Is Preventive Self-Care the Fairest Strategy of All?

By Martha Michael

Couple Looking in Mirror, Thinking About HEalth

If you’re older than ... oh, about 15, you already know the Wicked Queen was wrong. Being “fairest of them all” may get you an attractive spouse, but it’s not very useful ever after.

There’s nothing wrong with looking in the mirror, however; you just have to know what to look for. If your goal is maximum health and wellness, it’s a good idea to use some different vantage points to see how well you’re taking care of yourself.

Check the Rearview Mirror

Sometimes we’re encouraged to stop living in the past. Can it be stifling and limit our potential, physically and emotionally? Sure. But there are benefits, too. Taking care of yourself better may be easier if you see who you are and where you’ve been.

“The power of the past is not to prevent (you) from moving forward, but to energize leaping forward into an unknown future,” says Krystine I. Batcho, PhD, in a Psychology Today article about nostalgia. “Research has shown nostalgia to be associated with greater attention to thinking and strategizing and then taking action to improve the situation.”

Milestones such as graduations and awards are an important part of our continuity, Batcho says, because our past contributes to who we are now.

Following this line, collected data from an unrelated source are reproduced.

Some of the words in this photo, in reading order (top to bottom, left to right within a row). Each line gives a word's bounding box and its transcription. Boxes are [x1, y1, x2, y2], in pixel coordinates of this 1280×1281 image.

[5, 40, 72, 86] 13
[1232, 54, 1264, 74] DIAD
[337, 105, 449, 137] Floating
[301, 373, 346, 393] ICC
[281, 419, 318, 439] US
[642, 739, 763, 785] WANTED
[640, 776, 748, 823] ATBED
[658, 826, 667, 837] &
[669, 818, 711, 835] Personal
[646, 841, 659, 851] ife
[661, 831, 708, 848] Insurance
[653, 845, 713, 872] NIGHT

Your genetic past is worth your attention too, according to a Centers for Disease Control article about medical check-ups. It suggests you look at your family medical history before an initial appointment with your practitioner. It’s one way to measure your risks of contracting such diseases as diabetes or stroke. The adage about those who forget the past are doomed to repeat it has some merit.

Consider the Present

Part of your routine should be regular check-ups, says the CDC, so your care provider can develop a plan for treatment and recommend screenings and exams you may need. For example, upon your initial visit to The Joint Chiropractic, you can expect a comprehensive assessment that won’t break the bank.

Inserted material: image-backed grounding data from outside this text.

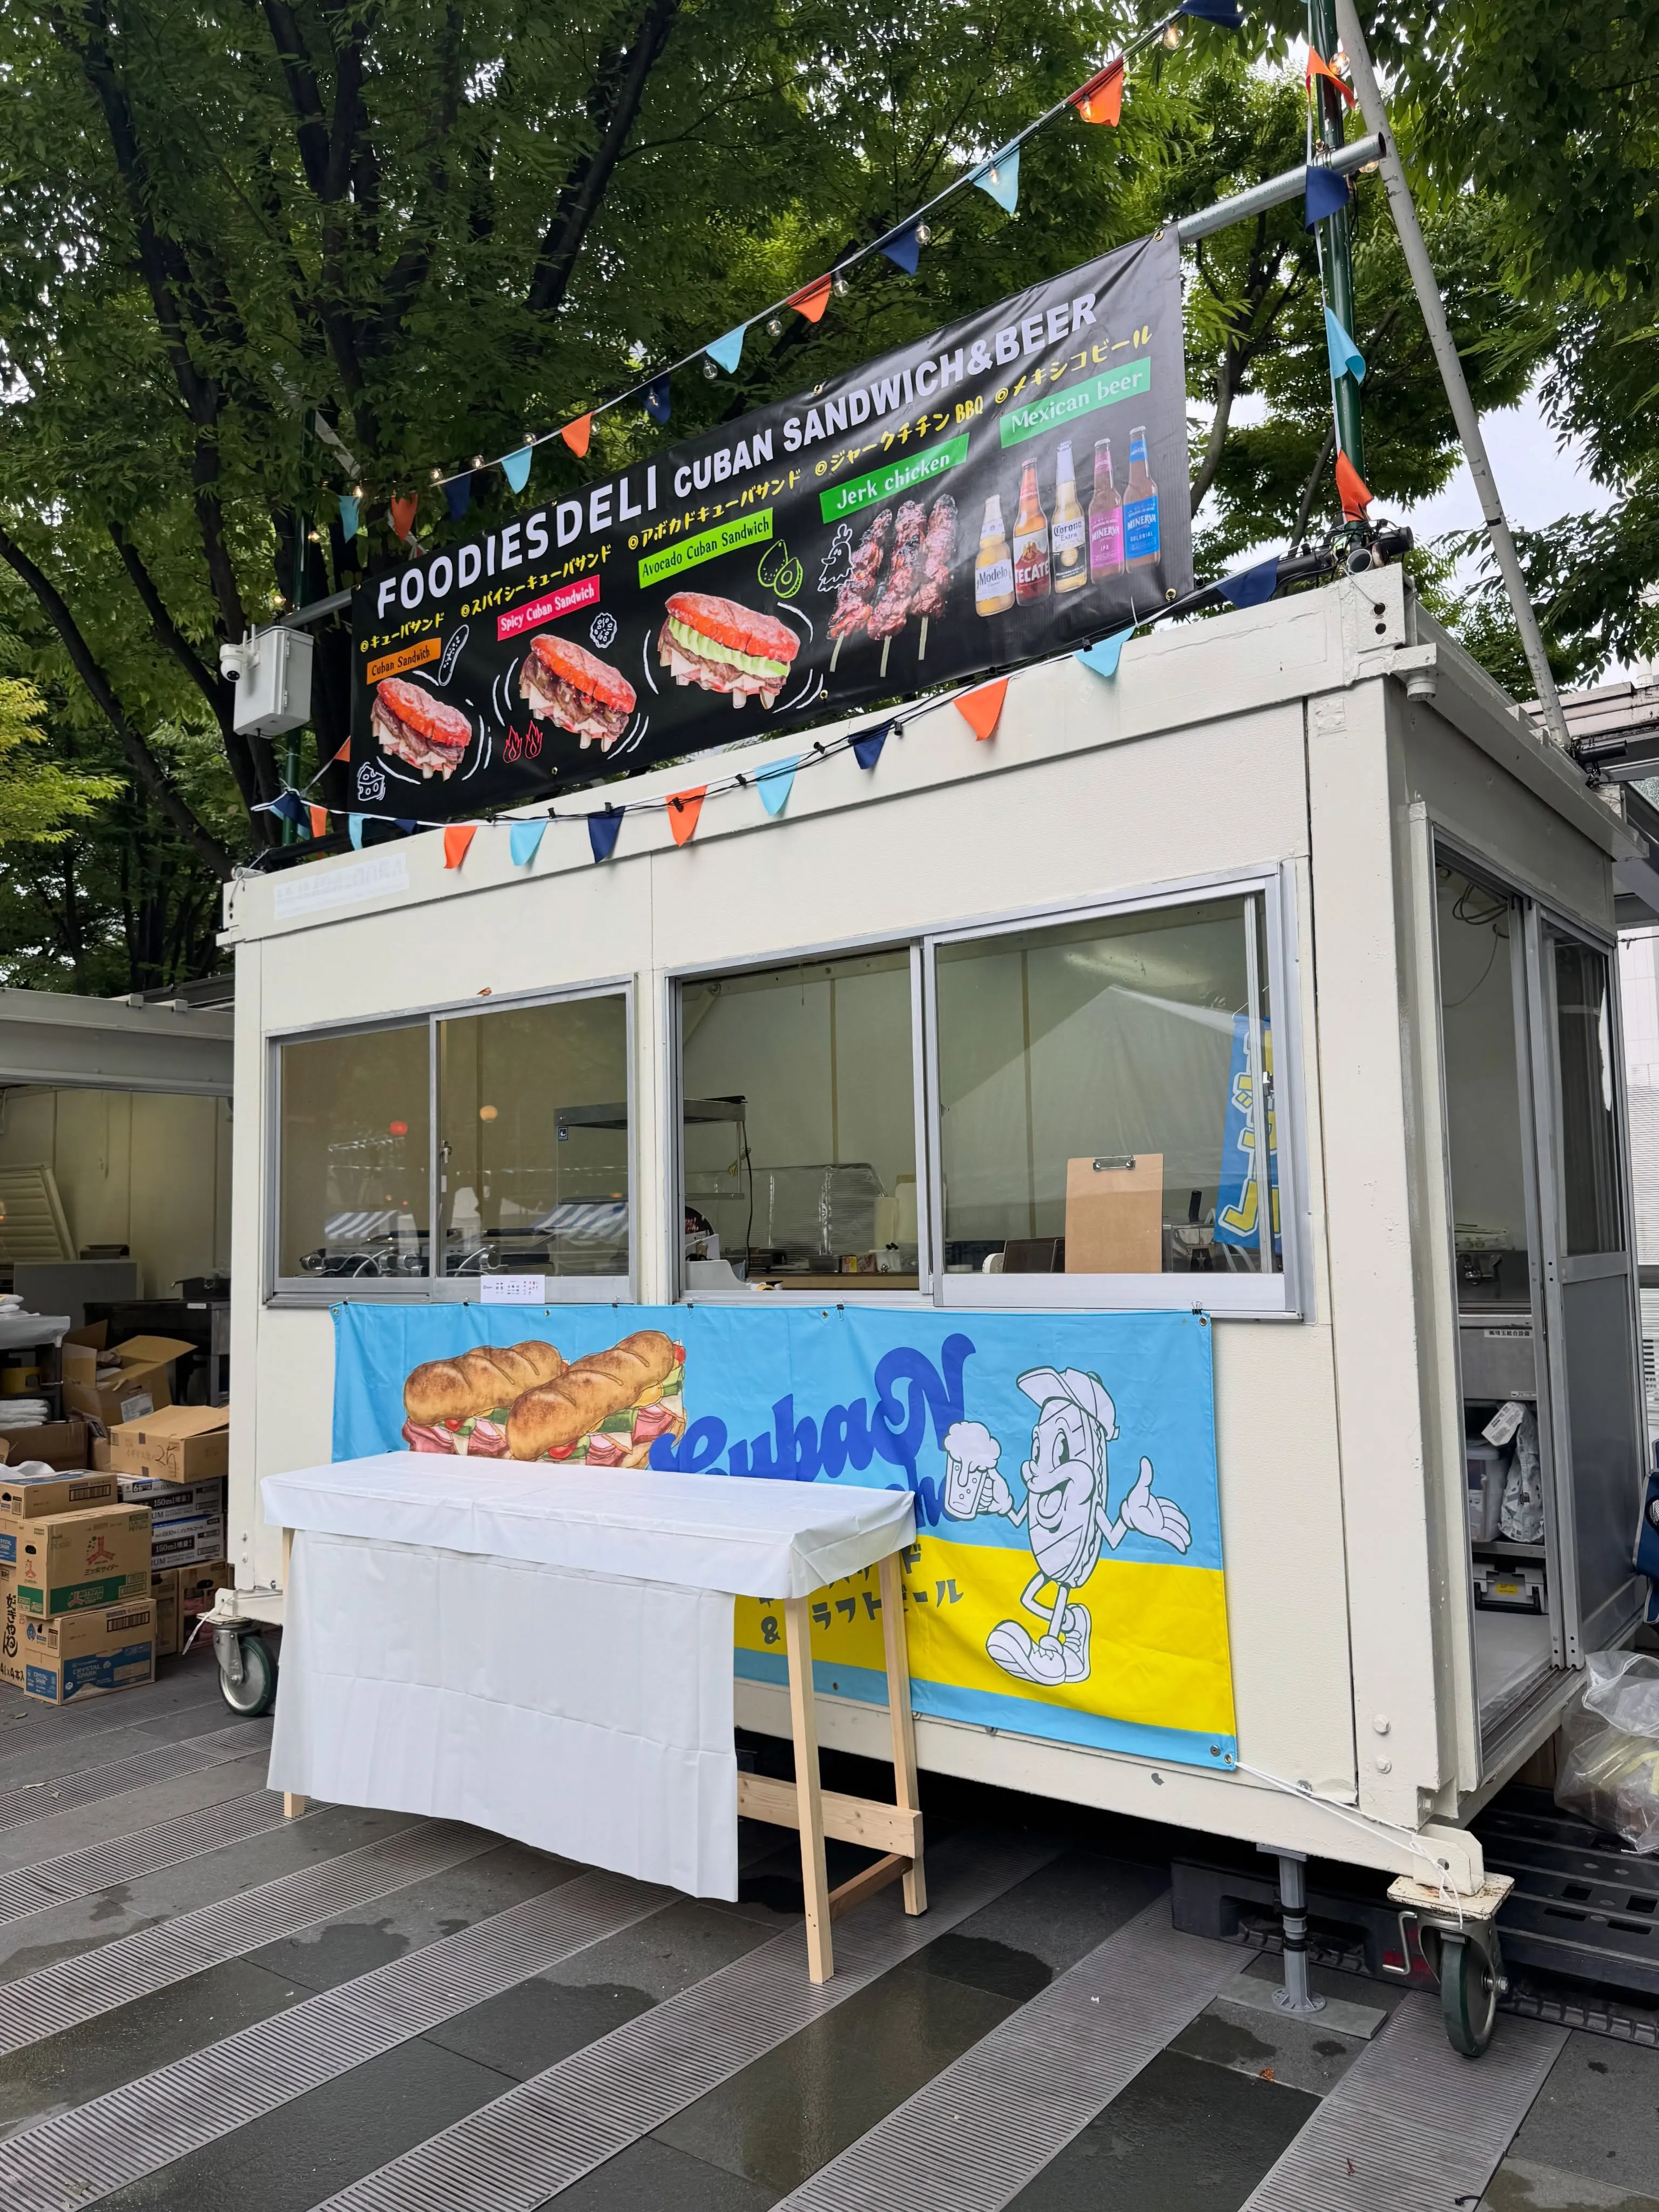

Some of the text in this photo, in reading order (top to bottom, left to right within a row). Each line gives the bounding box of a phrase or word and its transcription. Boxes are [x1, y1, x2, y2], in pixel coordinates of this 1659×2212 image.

[673, 429, 773, 498] CUBAN
[782, 292, 1097, 452] SANDWICH&BEER
[1011, 371, 1143, 434] Mexican beer
[955, 395, 984, 425] BBQ
[837, 454, 950, 509] Jerk chicken
[1054, 521, 1082, 536] Corona
[1127, 513, 1156, 529] MINERVA
[1060, 532, 1077, 541] Extra
[1091, 527, 1120, 541] MINERVA
[1130, 531, 1154, 542] COLONIAL
[642, 516, 770, 578] Avocado Cuban Sandwich
[979, 567, 1008, 583] Modelo
[1015, 561, 1050, 584] TECATE
[500, 583, 595, 632] Spicy Cuban Sandwich
[372, 646, 430, 677] Cuban Sandwich
[72, 1663, 102, 1675] CRYSTAL
[76, 1670, 98, 1680] SPARK

“Regular health exams and tests can help find problems before they start,” the CDC says. “They also can help find problems early, when your chances for treatment and cure are better. By getting the right health services, screenings, and treatments, you are taking steps that increase your chances for living a longer, healthier life. Your age, health and family history, lifestyle choices (i.e., what you eat, how active you are, whether you smoke), and other important factors impact what and how often you need healthcare.”

If preventive care becomes a part of your routine, your new regimen of health maintenance means your chiropractor can assess your progress with a baseline in mind. The CDC recommends speaking up if your self-care has been unhealthy in any way. You and your provider can develop a better plan with that knowledge.

Stepping up your wellness can take many forms, of course. The National Institute of Diabetes and Digestive and Kidney Diseases (NIDDKD) recommends brisk walking or sports, such as soccer or swimming, in which you can get 150-300 minutes of physical activity per week. You want to add to your muscle strength, as well. For this, NIDDKD suggests push-ups, heavy gardening or lifting weights, for example.

Focus on the Future

Some of your lifestyle changes or procedures may be a plan for somewhere down the line. You may want to choose convenient timing to quit smoking, or plan to save money for a gym membership. Infertility could be something you plan to address. These are all good conversations to have with your practitioner.

Dr. JoAnn Manson, a professor at Harvard Medical School, offers seven steps toward healthy goals that, among other things, include:

  • Ease into exercise
  • Sleep until you're rested
  • Follow a heart-healthy diet
  • Snack selectively
  • Stay connected

We’re living longer today, so keeping up the healthy lifestyle is key, and Dr. Manson thinks your enjoyment will increase your odds.

"No matter how good an activity may be for you, you probably won't sustain it if you hate doing it," she says.

If Dr. Manson’s right and the changes you make in your life need to involve things you enjoy, then where your health is concerned, there really is a use for “happily ever after.”